Menonaktifkan pelacakan kemajuan asinkron

Ketika pelacakan kemajuan asinkron diaktifkan, aliran tidak menjamin kemajuan titik pemeriksaan untuk setiap batch. Anda harus mencatat kemajuan sebelum dapat menonaktifkan fitur ini.

Untuk menonaktifkan, ikuti langkah-langkah berikut:

  1. Proses setidaknya dua batch mikro dengan asyncProgressTrackingEnabled atur ke true dan asyncProgressTrackingCheckpointIntervalMs atur ke 0:

    Python

    query = (stream.writeStream
        .format("kafka")
        .option("topic", "out")
        .option("checkpointLocation", "/tmp/checkpoint")
        .option("asyncProgressTrackingEnabled", "true")
        .option("asyncProgressTrackingCheckpointIntervalMs", "0")
        .start()
    )
    

    Scala

    val query = stream.writeStream
        .format("kafka")
        .option("topic", "out")
        .option("checkpointLocation", "/tmp/checkpoint")
        .option("asyncProgressTrackingEnabled", "true")
        .option("asyncProgressTrackingCheckpointIntervalMs", "0")
        .start()
    
  2. Hentikan kueri:

    Python

    query.stop()
    

    Scala

    query.stop()
    
  3. Nonaktifkan pelacakan kemajuan asinkron dan mulai ulang kueri:

    Python

    query = (stream.writeStream
        .format("kafka")
        .option("topic", "out")
        .option("checkpointLocation", "/tmp/checkpoint")
        .option("asyncProgressTrackingEnabled", "false")
        .start()
    )
    

    Scala

    val query = stream.writeStream
        .format("kafka")
        .option("topic", "out")
        .option("checkpointLocation", "/tmp/checkpoint")
        .option("asyncProgressTrackingEnabled", "false")
        .start()
    

Jika Anda menonaktifkan pelacakan kemajuan asinkron tanpa mengikuti langkah-langkah di atas, Anda mungkin mengalami kesalahan berikut:

java.lang.IllegalStateException: batch x doesn't exist

Di log driver, Anda mungkin melihat kesalahan berikut:

The offset log for batch x doesn't exist, which is required to restart the query from the latest batch x from the offset log.

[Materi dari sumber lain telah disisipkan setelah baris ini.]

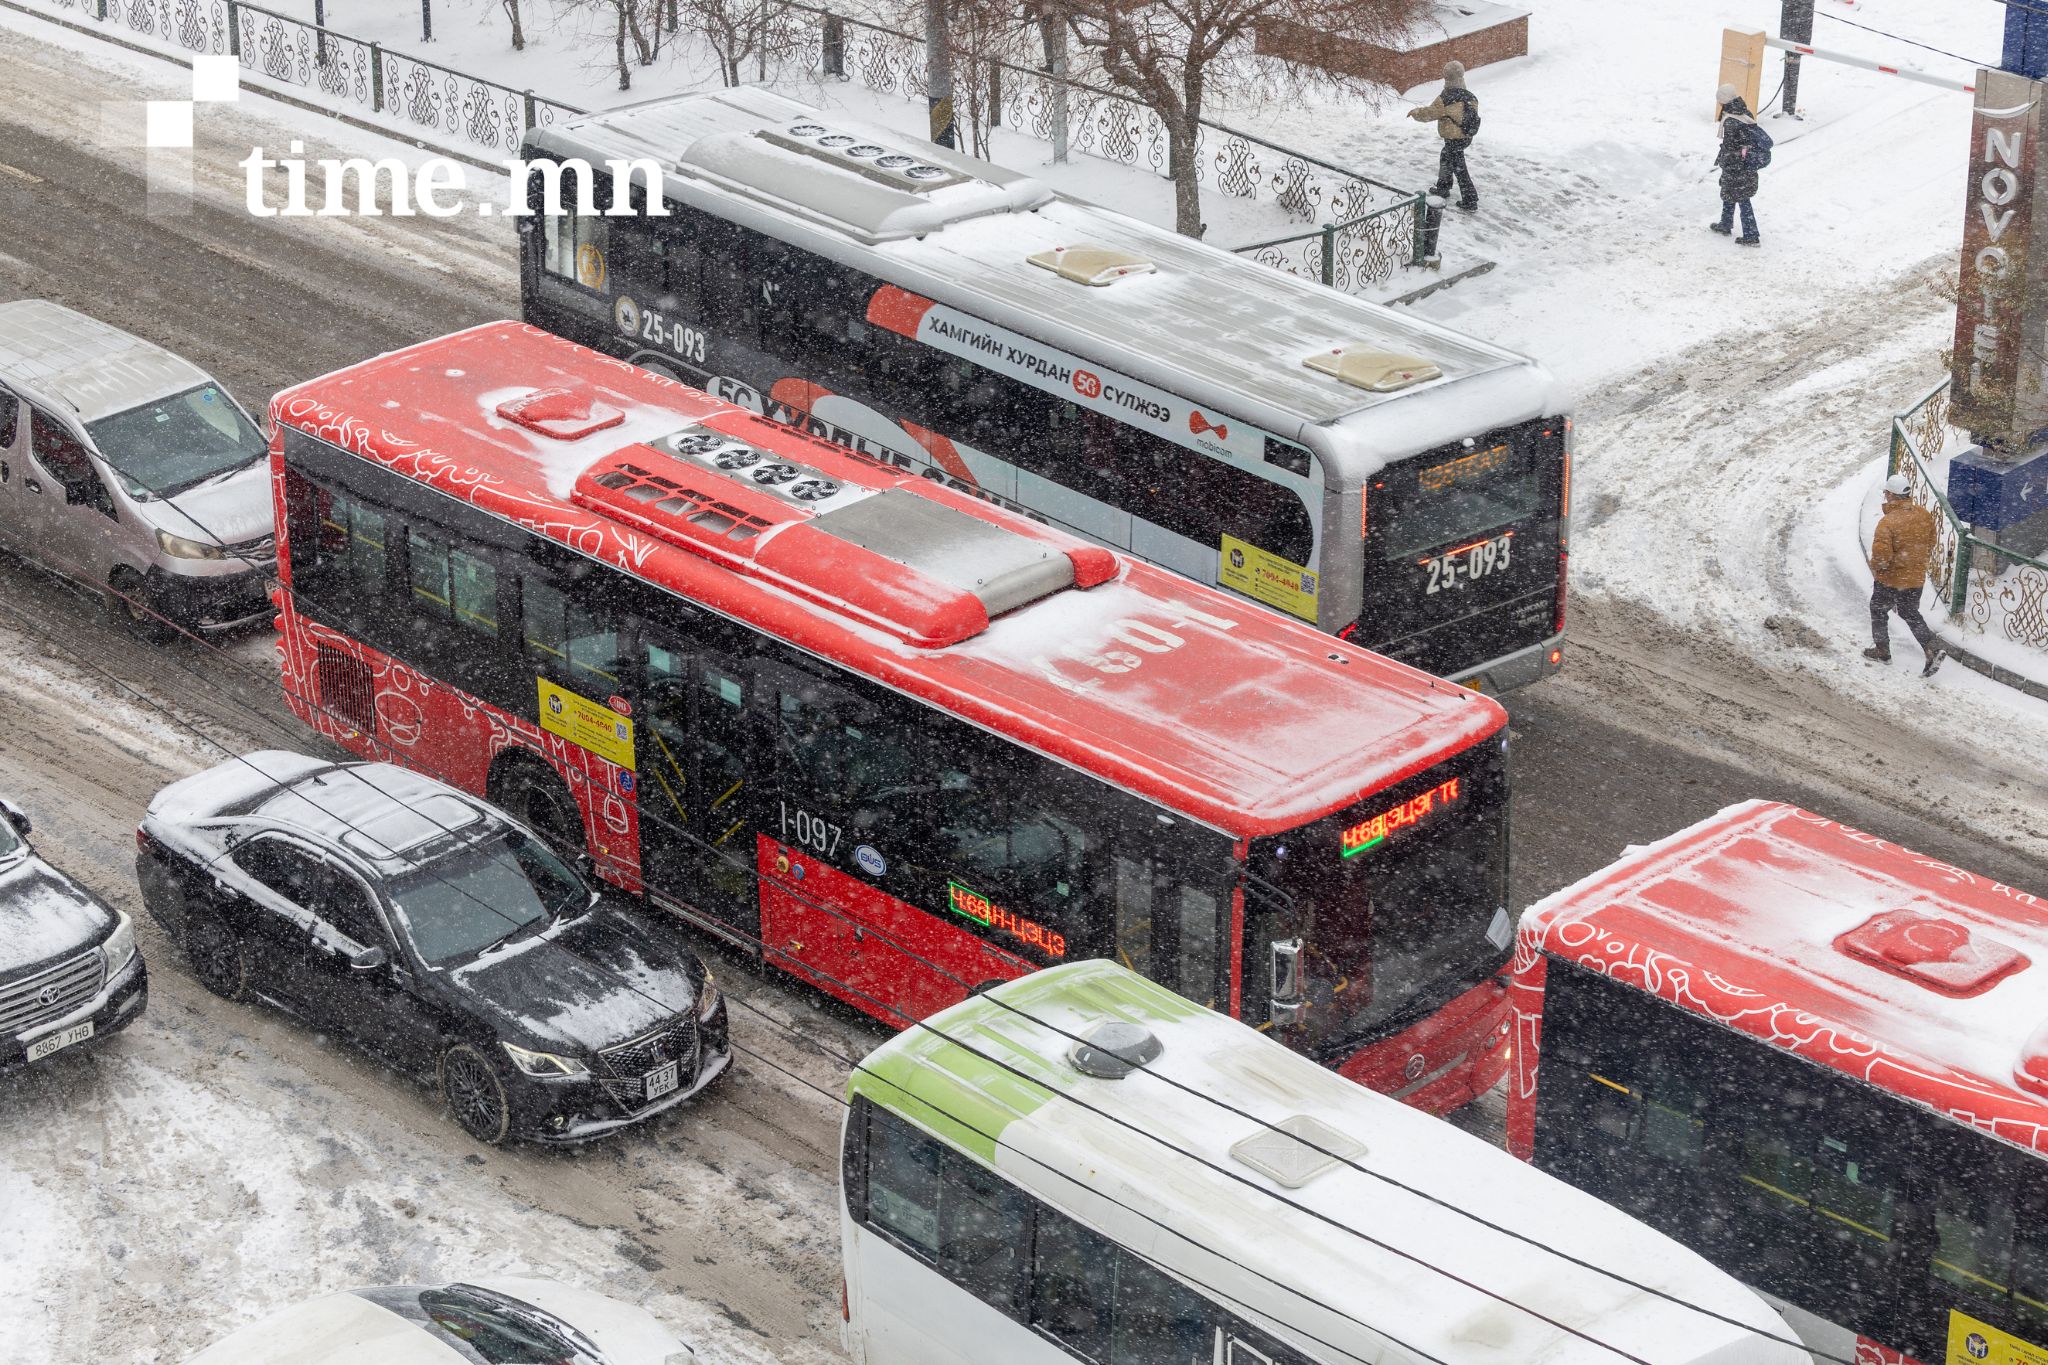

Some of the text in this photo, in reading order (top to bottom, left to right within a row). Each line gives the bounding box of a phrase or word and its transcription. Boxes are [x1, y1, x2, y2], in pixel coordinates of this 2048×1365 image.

[642, 309, 706, 363] 25-093
[929, 316, 1171, 423] ХАМГИЙН ХУРДАН 5G СҮЛЖЭЭ
[1196, 438, 1233, 459] mobicom
[1426, 537, 1511, 595] 25-093
[780, 800, 841, 857] 1-097
[35, 1036, 62, 1057] 8867
[663, 1067, 675, 1082] 37
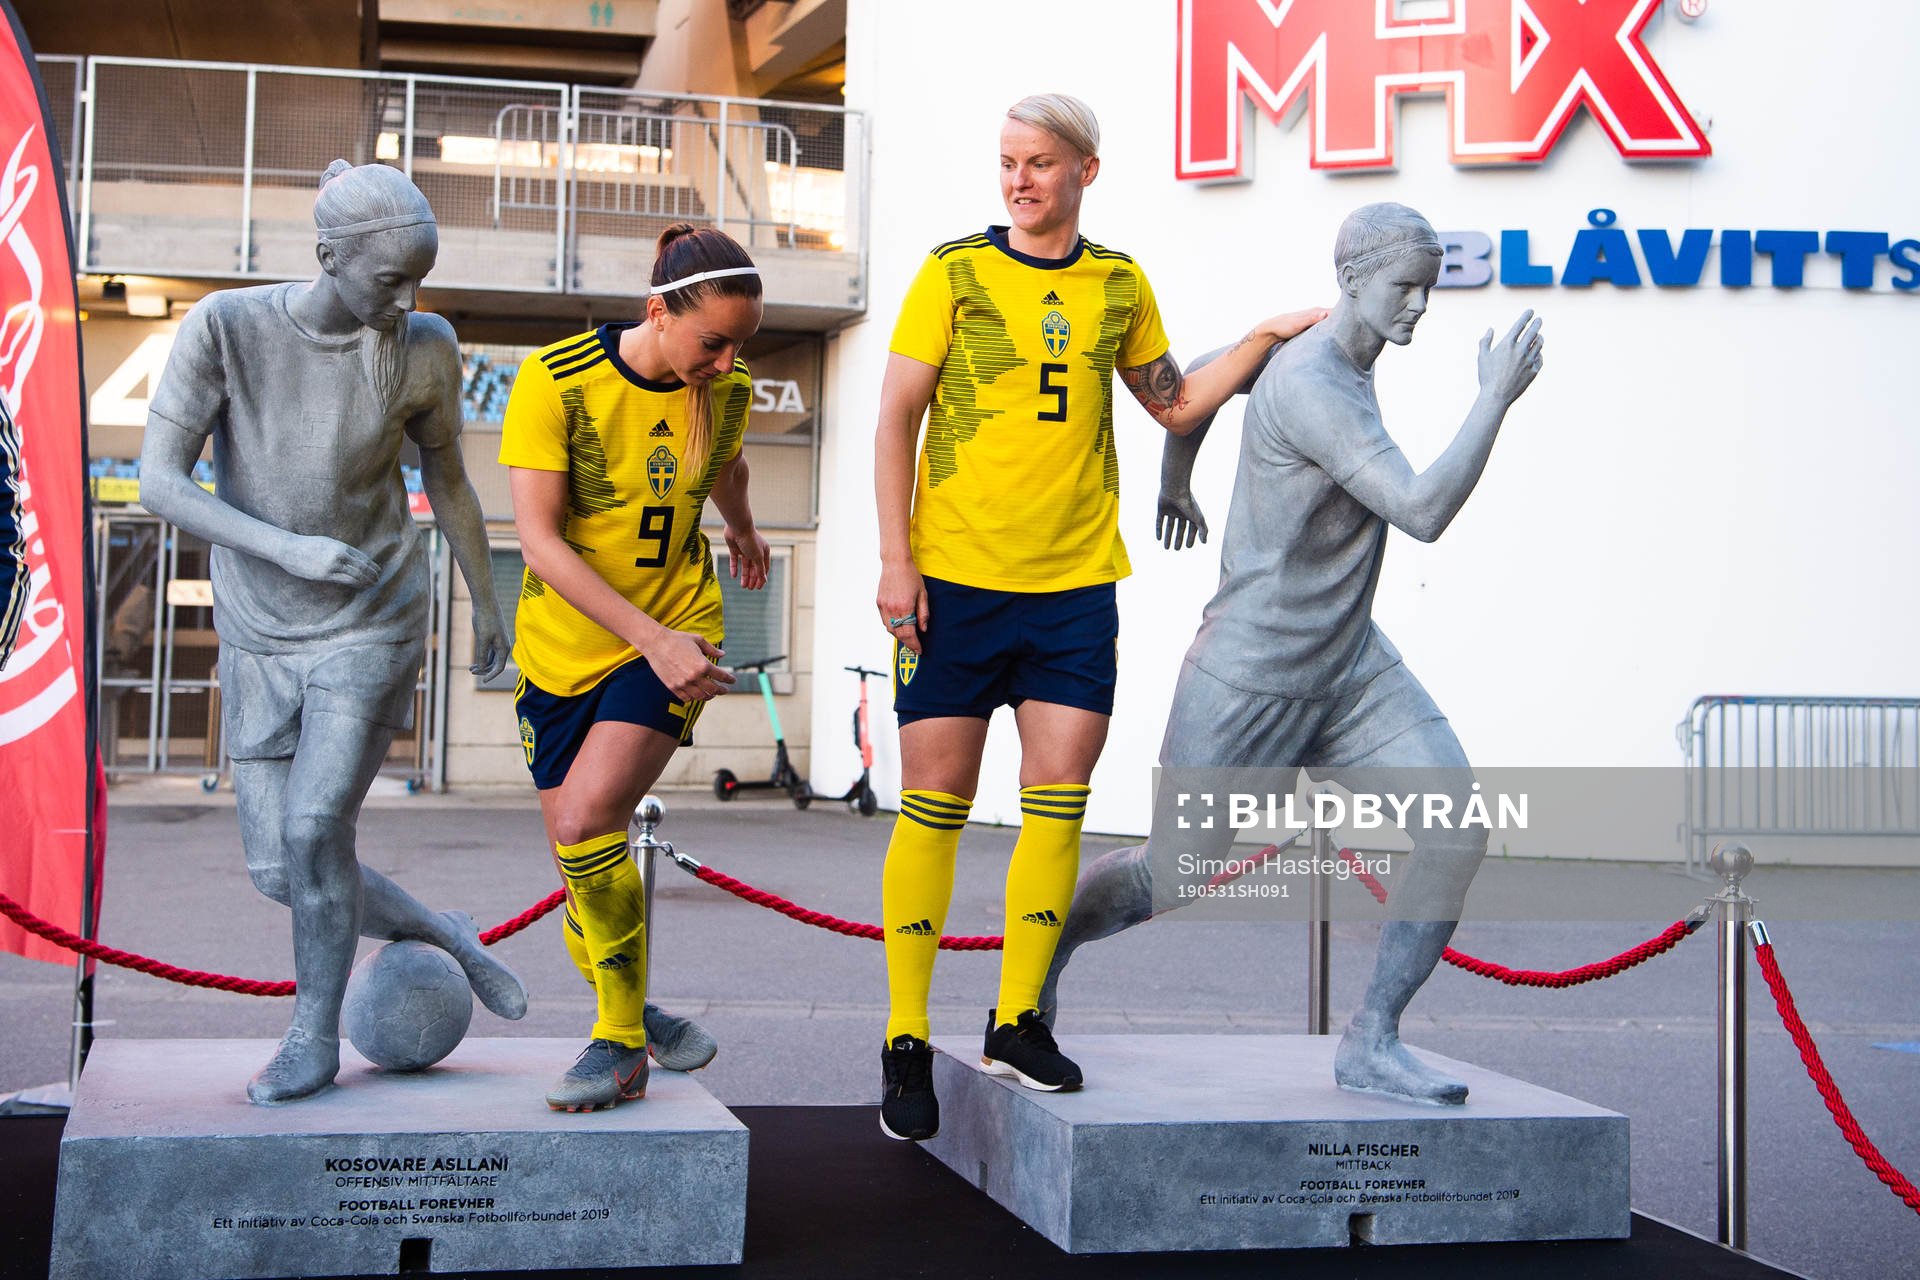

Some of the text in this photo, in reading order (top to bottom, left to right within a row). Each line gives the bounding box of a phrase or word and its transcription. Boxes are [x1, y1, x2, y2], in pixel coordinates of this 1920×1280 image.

[1037, 362, 1069, 423] 5
[648, 430, 675, 438] adidas
[635, 505, 675, 568] 9
[1022, 914, 1062, 927] adidas
[896, 927, 936, 937] adidas
[1308, 1143, 1420, 1157] NILLA FISCHER
[325, 1156, 509, 1172] KOSOVARE ASLLANI
[1335, 1159, 1392, 1171] MITTBACK
[335, 1174, 498, 1188] OFFENSIV MITTFÄLTARE
[1300, 1179, 1426, 1191] FOOTBALL FOREVHER
[1200, 1188, 1521, 1205] Ett initiativ av Coca-Cola och Svenska Fotbollförbundet 2019
[338, 1197, 495, 1211] FOOTBALL FOREVHER
[213, 1208, 610, 1229] Ett initiativ av Coca-Cola och Svenska Fotbollförbundet 2019
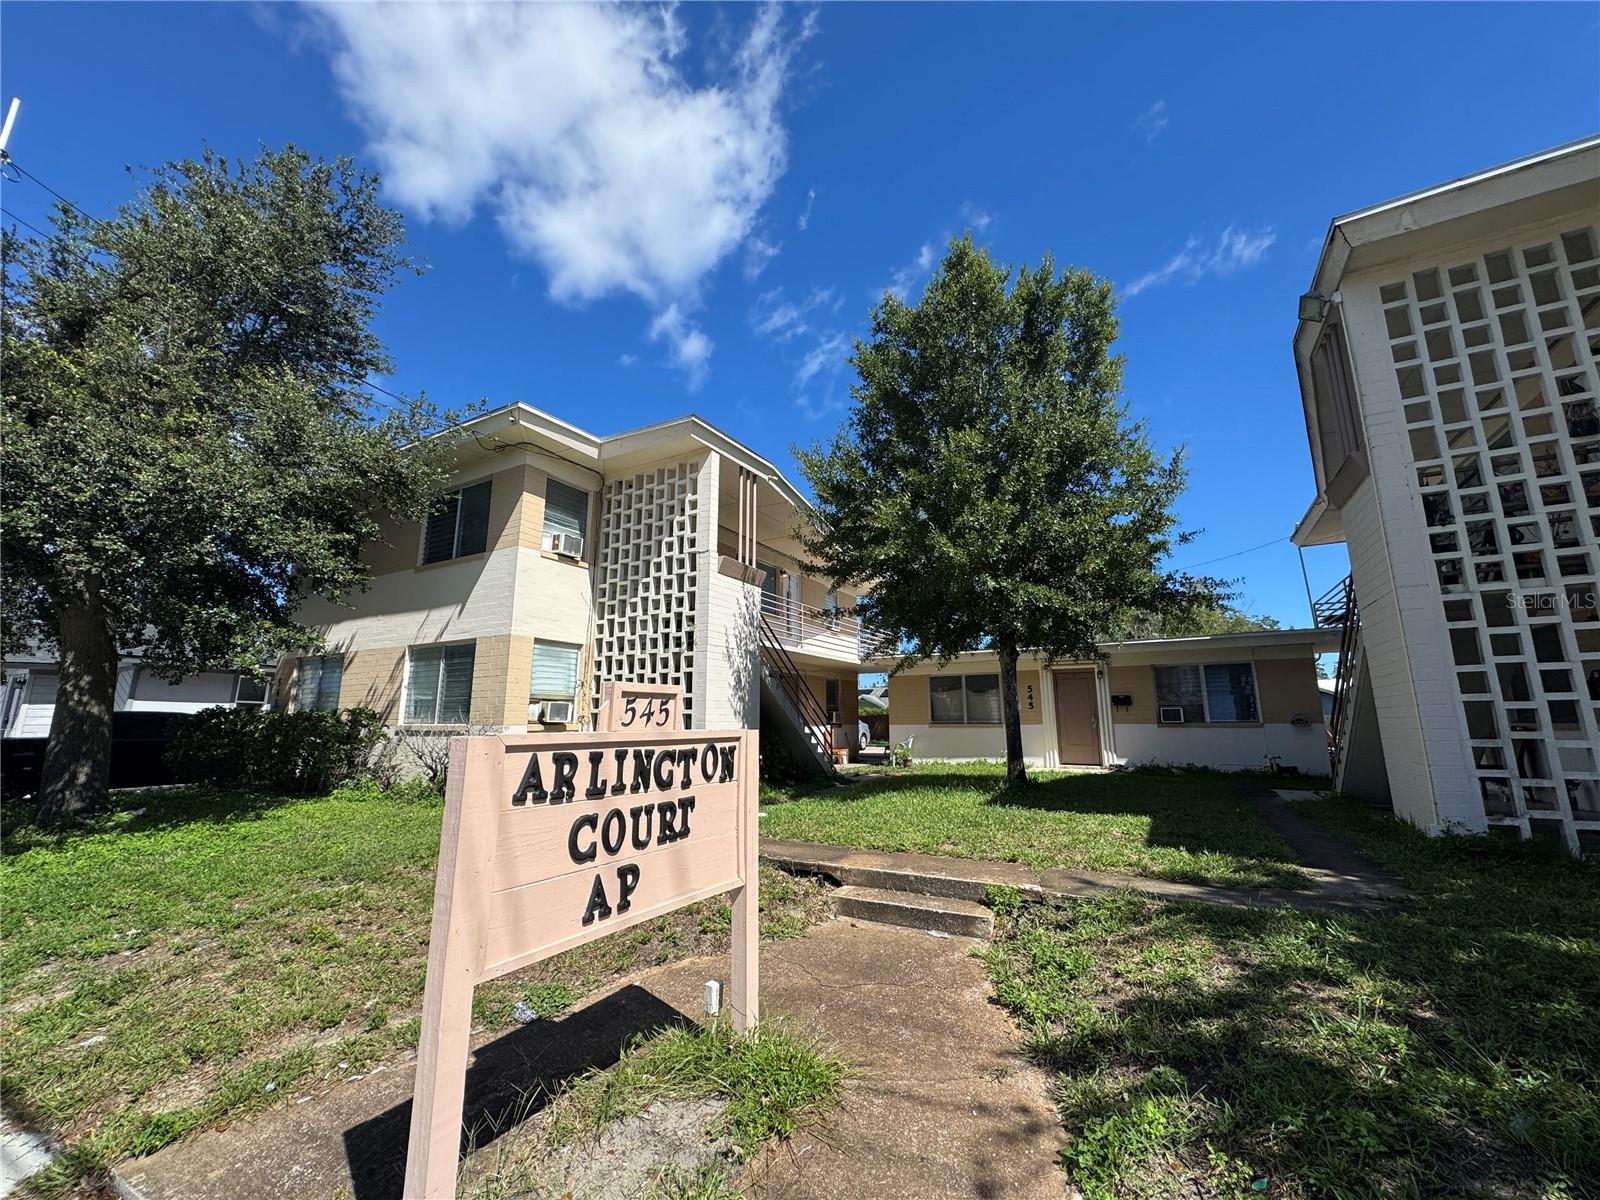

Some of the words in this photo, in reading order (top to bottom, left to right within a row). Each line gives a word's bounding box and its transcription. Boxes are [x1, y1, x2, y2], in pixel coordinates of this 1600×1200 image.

Please ensure there are two subsequent offset logs available for the latest batch via manually deleting the offset file(s). Please also ensure the latest batch for commit log is equal or one batch earlier than the latest batch for offset log.

Keterbatasan

  • Untuk sink Kafka, pelacakan kemajuan secara asinkron hanya mendukung pipeline tanpa status.
  • Pelacakan kemajuan asinkron tidak menjamin pemrosesan end-to-end hanya sekali karena rentang offset untuk batch dapat berubah ketika terjadi kegagalan. Beberapa sink, seperti Kafka, tidak pernah memberikan jaminan sekali persis.